__Supplied records__:
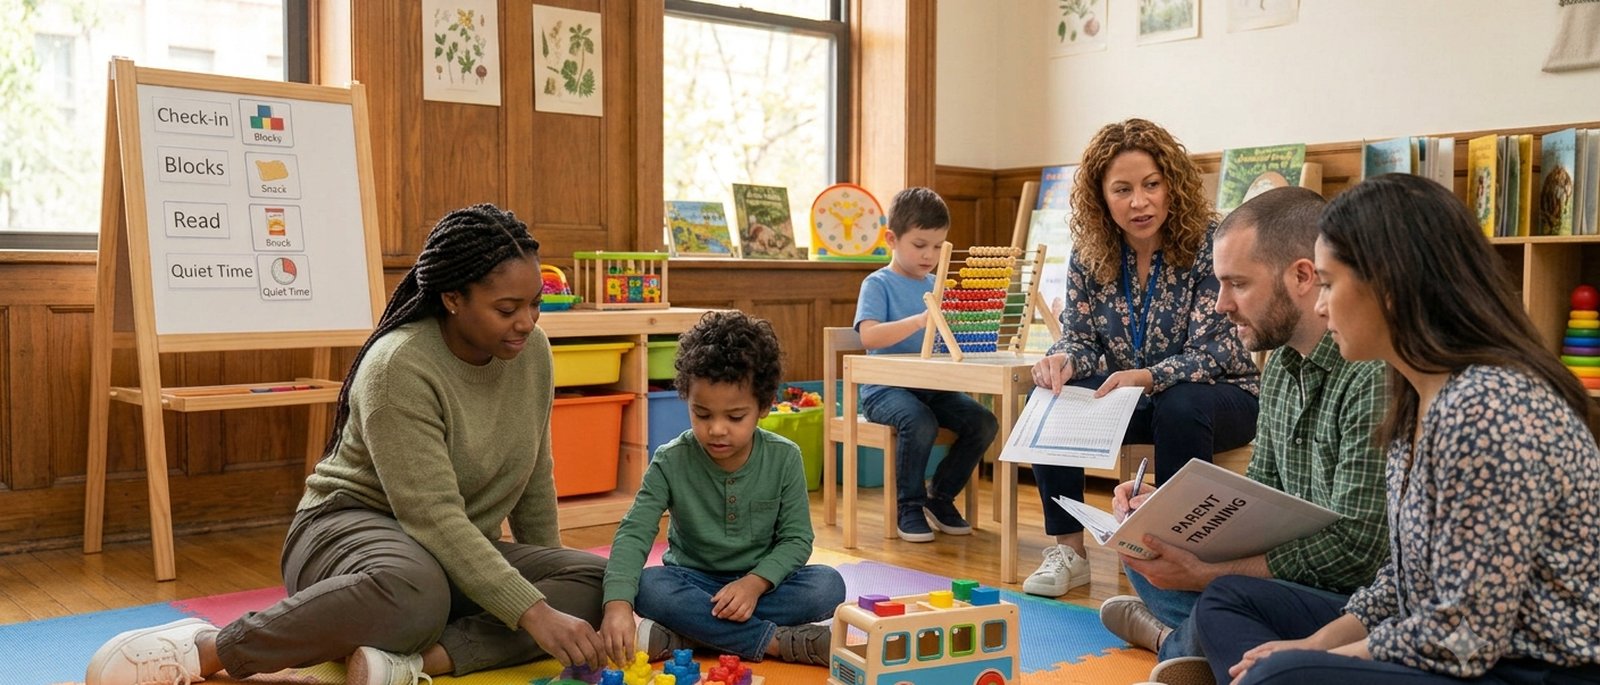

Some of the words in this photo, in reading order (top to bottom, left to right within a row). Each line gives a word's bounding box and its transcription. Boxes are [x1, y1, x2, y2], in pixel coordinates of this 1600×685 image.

[157, 107, 229, 126] Check-in
[165, 156, 225, 176] Blocks
[174, 211, 221, 229] Read
[171, 264, 213, 279] Quiet
[217, 264, 253, 278] Time
[262, 287, 287, 298] Quiet
[289, 287, 310, 297] Time
[1171, 494, 1220, 534] PARENT
[1186, 497, 1247, 544] TRAINING

__Task to carry out__: Write every record out again exactly, omitting the pictures they hold.

__Problem solution__:
Some of the words in this photo, in reading order (top to bottom, left to right within a row). Each line gives a word's bounding box and its transcription. Boxes are [x1, y1, x2, y2], in pixel coordinates of this 1600×685 image.

[157, 107, 229, 126] Check-in
[165, 156, 225, 176] Blocks
[174, 211, 221, 229] Read
[171, 264, 213, 279] Quiet
[217, 264, 253, 278] Time
[262, 287, 287, 298] Quiet
[289, 287, 310, 297] Time
[1171, 494, 1220, 534] PARENT
[1186, 497, 1247, 544] TRAINING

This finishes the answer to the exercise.